Brûlure bactérienne du haricot - Xanthomonas

Bohnenbrand
Plants de haricot atteints de brûlure bactérienne

Brûlure bactérienne du haricot

La principale plante-hôte de la brûlure bactérienne du haricot est le haricot commun. Les pertes de récolte peuvent atteindre 40 %. En Suisse comme dans l'UE, la bactérie présente sur les semences de haricot commun est classée parmi les organismes de quarantaine. Toute infestation doit être signalée au service phytosanitaire cantonal. Toutefois les infestations ne sont pas combattues d'office dans la production de haricots. Les semences saines sont la principale mesure de prévention contre la brûlure bactérienne du haricot.

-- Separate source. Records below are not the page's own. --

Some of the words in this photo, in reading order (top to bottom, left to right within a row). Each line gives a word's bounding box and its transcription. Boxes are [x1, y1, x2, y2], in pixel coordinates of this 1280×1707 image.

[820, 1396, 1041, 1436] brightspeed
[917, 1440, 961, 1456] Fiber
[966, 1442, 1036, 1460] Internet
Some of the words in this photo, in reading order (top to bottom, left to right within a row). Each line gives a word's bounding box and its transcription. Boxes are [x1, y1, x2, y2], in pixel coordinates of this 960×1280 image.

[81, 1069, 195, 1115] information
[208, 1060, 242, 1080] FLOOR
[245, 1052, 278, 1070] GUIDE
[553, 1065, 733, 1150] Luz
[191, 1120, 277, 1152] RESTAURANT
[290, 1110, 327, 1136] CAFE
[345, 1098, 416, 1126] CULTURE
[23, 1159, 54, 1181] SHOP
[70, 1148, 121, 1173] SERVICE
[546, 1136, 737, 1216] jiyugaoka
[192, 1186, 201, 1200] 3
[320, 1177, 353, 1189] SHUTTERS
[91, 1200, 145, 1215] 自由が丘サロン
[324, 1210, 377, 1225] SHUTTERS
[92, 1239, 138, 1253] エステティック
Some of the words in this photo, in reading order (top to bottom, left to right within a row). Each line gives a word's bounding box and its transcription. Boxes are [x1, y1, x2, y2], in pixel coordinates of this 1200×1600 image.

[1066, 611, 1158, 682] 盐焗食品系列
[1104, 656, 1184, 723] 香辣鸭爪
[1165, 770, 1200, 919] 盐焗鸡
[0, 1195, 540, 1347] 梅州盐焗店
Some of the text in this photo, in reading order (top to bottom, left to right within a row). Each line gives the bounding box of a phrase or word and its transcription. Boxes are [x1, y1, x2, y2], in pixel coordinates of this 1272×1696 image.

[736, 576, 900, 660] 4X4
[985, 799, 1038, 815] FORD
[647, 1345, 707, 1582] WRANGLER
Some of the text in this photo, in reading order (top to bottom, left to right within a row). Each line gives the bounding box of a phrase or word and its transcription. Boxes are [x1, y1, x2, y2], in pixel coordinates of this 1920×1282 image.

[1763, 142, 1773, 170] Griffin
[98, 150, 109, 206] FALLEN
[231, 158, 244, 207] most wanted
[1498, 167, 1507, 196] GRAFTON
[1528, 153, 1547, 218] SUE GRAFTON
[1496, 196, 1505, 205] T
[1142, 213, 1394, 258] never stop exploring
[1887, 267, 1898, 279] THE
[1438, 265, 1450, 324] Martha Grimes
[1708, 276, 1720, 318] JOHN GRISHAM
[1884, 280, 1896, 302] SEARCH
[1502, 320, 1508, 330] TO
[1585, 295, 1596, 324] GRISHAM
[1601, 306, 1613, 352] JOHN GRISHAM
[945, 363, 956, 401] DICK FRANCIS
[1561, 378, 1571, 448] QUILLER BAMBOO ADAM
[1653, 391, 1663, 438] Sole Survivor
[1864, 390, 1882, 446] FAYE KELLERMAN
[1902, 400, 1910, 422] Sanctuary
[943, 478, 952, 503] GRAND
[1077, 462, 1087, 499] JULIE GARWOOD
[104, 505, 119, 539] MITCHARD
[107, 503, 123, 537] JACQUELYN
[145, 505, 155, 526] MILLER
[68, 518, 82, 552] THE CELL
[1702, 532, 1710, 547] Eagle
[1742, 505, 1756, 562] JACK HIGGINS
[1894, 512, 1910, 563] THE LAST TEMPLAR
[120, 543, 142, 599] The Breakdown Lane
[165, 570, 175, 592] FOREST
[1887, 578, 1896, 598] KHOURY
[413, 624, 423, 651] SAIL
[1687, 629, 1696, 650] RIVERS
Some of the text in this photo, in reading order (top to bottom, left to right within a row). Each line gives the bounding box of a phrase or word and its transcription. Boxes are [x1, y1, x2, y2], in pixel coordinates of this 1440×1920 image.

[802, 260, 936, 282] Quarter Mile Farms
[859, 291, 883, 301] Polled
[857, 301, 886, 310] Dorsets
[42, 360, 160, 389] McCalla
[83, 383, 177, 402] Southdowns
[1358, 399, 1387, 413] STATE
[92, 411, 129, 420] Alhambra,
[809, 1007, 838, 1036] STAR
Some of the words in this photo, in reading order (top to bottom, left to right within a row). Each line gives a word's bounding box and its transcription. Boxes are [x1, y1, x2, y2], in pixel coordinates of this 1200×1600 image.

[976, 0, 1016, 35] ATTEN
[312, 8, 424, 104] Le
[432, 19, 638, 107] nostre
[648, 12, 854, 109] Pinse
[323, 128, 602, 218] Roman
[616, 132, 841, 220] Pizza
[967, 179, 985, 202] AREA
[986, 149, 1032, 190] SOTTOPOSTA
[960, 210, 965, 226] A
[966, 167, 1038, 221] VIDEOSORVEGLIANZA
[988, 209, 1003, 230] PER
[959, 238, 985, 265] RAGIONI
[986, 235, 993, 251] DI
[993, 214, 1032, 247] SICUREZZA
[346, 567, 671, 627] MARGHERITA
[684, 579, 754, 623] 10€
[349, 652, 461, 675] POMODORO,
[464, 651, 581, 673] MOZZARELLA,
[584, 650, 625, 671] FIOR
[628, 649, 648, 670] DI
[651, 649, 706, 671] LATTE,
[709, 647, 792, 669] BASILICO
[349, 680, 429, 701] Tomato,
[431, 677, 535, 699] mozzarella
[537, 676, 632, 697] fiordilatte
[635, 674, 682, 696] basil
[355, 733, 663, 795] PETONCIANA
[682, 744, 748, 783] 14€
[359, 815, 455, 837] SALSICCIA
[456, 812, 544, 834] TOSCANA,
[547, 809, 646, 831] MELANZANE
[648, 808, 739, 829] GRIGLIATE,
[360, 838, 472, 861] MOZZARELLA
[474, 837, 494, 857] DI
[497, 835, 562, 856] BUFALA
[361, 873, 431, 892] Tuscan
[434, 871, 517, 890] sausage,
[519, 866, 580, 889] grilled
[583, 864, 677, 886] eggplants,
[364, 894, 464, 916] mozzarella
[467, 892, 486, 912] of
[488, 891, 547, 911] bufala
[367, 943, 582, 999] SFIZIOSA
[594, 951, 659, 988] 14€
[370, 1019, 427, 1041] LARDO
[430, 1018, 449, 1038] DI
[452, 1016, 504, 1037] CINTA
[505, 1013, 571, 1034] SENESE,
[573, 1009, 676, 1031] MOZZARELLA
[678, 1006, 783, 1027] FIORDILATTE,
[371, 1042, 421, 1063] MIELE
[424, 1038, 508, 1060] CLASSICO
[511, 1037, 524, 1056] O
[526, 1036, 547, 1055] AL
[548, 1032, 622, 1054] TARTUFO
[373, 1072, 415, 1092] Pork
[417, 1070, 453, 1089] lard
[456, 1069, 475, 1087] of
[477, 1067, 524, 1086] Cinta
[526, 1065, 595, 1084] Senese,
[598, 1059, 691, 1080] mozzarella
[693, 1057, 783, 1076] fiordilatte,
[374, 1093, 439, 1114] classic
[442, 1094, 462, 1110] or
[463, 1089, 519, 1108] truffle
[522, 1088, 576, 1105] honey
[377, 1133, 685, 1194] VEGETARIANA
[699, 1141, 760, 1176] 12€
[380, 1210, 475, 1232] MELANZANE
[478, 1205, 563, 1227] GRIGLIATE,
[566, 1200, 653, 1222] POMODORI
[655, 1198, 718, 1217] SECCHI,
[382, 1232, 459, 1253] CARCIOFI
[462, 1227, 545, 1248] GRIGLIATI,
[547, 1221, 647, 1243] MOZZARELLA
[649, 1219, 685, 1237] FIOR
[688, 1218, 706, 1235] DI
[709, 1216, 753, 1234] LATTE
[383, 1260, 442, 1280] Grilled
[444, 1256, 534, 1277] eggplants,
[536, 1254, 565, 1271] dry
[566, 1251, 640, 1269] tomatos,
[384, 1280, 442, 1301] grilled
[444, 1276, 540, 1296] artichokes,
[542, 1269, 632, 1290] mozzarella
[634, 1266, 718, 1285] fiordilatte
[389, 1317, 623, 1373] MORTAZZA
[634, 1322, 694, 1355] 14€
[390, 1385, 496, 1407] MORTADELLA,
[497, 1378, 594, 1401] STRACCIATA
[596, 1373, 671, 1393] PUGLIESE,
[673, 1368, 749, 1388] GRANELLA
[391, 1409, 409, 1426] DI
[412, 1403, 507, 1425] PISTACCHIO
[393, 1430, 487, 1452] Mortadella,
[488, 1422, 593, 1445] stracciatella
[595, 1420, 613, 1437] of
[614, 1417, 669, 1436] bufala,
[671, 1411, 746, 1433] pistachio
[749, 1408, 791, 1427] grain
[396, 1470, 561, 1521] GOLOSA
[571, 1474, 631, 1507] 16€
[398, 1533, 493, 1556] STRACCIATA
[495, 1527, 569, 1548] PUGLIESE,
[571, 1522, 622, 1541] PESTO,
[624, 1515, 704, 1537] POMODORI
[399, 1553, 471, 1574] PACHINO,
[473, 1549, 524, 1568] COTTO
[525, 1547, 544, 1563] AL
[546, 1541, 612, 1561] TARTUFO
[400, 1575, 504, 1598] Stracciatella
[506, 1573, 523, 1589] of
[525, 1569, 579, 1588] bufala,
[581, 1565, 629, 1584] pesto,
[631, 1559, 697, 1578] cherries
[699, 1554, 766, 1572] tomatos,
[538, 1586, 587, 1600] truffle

La brûlure du haricot est une maladie bactérienne causée par Xanthomonas axonopodis pv. phaseoli (ancien nom: Xanthomonas campestris pv. phaseoli). La principale plante hôte est le haricot commun (Phaseolus vulgaris), mais d’autres légumineuses peuvent être touchées. Dans les cas graves, on enregistre des pertes de récolte pouvant aller jusqu’à 40 %, l’infection se répandant très rapidement lorsque les conditions sont favorables.

La brûlure bactérienne du haricot est répandue dans le monde entier; l’Europe n’a connu toutefois que des apparitions sporadiques. En Suisse, comme dans l’Union européenne, X. axonopodis pv. phaseoli est classé parmi les organismes de quarantaine des graines de Phaseolus L. et traité en tant que tel dans l’ordonnance sur la protection des végétaux. Les cas de maladie doivent être signalés sans délai au service phytosanitaire cantonal, de façon à identifier la source des semences contaminées. Dans la production de haricot, une contamination en champ n’est pas combattue d’office.

La bactérie pénètre dans les tissus par les ouvertures naturelles de la plante et peut entraîner une infection généralisée. On peut en observer les symptômes, notamment des macules aqueuses qui s’assèchent par la suite et brunissent, sur les feuilles, les tiges et les gousses. Les feuilles meurent partiellement et paraissent brûlées. Par temps humide, l’exsudat bactérien de couleur jaunâtre est visible sur les parties atteintes. Les graines des gousses contaminées sont partiellement malformées, racornies et ridées.

Les bactéries peuvent survivre dans les téguments, mais également sur les graines elles-mêmes et contaminent les pousses lors de la germination. Les semences infectées, mais dépourvues de symptôme, représentent ainsi le principal risque de propagation de la brûlure bactérienne du haricot, celles-ci pouvant être récoltées sur des plantes qui paraissent saines. X. axonopodis pv. phaseoli peut survivre plus de 10 ans sur les graines.

Afin d’éviter des épidémies, il est primordial de recourir à des semences dont le bon état sanitaire a été testé. En Suisse, aucun produit phytosanitaire permettant de lutter efficacement contre l’agent pathogène – qu’il s’agisse de contamination des graines ou de la plante – n’est autorisé.

Si des semences contaminées sont identifiées, elles doivent être incinérées de manière appropriée et les outils qui ont été en contact avec elles désinfectés. Dans les cas de contamination en champ, il est recommandé de brûler de manière appropriée les plantes symptomatiques et celles avoisinantes dans un rayon de 2 m, et de nettoyer soigneusement les outils qui ont été en contact avec elles. Lorsqu’une infection est constatée sur une surface cultivée, on ne doit plus y planter de haricot pendant au moins 5 ans. Une telle pause est de toute manière recommandée, que la bactérie y ait été détectée ou non.